Doch das ist zumindest in den deutschen Medien nicht der Fall. Im Gegenteil. Auch deutsche Politiker dürfen hierzulande offen zu Kriegsverbrechen aufrufen, ohne dass sie dafür Widerspruch kassieren. So durfte beispielsweise der SPD-Falke Michael Roth im ARD-Morgenmagazin fordern, Israel müsse jetzt die „Infrastruktur der Hamas komplett vernichten“. Dies würde zu „sehr schmerzhaften Bildern“ (die gleiche Phrase nutzte Marco Rubio übrigens (s.o.) auch) führen und Israel brauche jetzt dafür die „Unterstützung“ Deutschlands, um sich zu verteidigen. Das Zerstören von Infrastruktur, das Abstellen von Strom und Wasser und eine Blockade von Lebensmittellieferungen haben jedoch nichts mit Verteidigung zu tun, sondern sind reine Vergeltungsmaßnahmen. Auch die sind laut Völker- und Kriegsrecht klar verboten, stellen demnach Kriegsverbrechen dar. Michael Roth ist übrigens Vorsitzender des Auswärtigen Ausschusses des Bundestages und hatte sich 2019 – zum Glück erfolglos – um den Vorsitz des SPD beworben.

Dass es auch weisere Stimmen zum Thema gibt, zeigt einmal mehr der US-Senator Bernie Sanders. In einem Statement bezeichnete Sanders Israels totale Belagerung des Gazastreifens als Bruch des Völkerrechts und forderte die Regierung Biden auf, mit der Weltgemeinschaft zusammenzuarbeiten, um ein Ende der eskalierenden Gewalt herbeizuführen, die bereits einen grausamen Tribut von der Zivilbevölkerung in Israel und dem besetzten palästinensischen Gebiet gefordert hat.

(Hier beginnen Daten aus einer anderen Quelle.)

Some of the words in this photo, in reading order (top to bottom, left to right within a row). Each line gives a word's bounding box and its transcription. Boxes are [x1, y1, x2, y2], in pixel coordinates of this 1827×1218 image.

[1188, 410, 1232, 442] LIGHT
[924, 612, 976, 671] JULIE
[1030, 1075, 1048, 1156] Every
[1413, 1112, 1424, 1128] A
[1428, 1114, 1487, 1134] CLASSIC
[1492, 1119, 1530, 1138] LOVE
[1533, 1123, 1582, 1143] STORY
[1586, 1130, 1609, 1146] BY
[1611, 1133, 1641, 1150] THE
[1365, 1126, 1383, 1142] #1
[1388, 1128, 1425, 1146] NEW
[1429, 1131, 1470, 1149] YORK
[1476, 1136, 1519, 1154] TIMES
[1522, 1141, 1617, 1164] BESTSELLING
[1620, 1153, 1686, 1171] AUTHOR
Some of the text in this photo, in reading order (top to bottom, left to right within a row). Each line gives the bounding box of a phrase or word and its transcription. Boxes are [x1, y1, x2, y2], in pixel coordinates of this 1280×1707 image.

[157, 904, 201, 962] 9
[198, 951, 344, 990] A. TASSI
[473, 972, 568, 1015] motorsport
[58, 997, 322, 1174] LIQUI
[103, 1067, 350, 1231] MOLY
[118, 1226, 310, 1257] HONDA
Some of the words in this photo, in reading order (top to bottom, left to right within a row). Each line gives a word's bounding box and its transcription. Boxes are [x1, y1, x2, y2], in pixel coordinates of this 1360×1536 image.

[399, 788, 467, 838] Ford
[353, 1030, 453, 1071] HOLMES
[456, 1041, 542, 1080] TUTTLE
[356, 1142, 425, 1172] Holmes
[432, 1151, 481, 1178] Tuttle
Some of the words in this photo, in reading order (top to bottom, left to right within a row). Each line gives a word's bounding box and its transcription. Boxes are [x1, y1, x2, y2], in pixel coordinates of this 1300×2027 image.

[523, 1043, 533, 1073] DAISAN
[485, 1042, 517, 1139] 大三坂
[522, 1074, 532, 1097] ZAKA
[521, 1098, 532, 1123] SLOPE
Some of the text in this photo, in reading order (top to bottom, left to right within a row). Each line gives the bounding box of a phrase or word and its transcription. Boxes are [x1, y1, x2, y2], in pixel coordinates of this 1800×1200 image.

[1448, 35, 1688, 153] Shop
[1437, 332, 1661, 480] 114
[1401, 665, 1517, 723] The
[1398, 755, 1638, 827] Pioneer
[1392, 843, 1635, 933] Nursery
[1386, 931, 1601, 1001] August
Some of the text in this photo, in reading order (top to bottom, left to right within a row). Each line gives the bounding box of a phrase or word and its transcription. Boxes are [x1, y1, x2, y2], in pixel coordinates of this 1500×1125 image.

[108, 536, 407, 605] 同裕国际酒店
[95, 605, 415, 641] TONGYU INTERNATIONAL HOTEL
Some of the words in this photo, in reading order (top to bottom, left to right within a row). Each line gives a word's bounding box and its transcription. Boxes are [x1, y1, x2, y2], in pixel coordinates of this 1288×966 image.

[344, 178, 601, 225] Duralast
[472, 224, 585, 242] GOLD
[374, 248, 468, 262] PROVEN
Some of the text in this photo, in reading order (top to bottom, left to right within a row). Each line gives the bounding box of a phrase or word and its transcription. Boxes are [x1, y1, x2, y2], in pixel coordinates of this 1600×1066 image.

„Für viele ist es kein Geheimnis, dass der Gazastreifen ein Freiluftgefängnis ist, in dem Millionen von Menschen darum kämpfen, ihre Grundbedürfnisse zu sichern“, so Sanders. Die US-Regierung müsse nun „auch auf die Zurückhaltung der israelischen Streitkräfte bei ihren Angriffen auf den Gazastreifen bestehen und sich für die Sicherung des humanitären Zugangs der Vereinten Nationen einsetzen. Wir dürfen nicht vergessen, dass die Hälfte der zwei Millionen Menschen in Gaza Kinder sind. Kinder und unschuldige Menschen verdienen es nicht, für die Taten der Hamas bestraft zu werden.“ Dem ist nichts hinzuzufügen.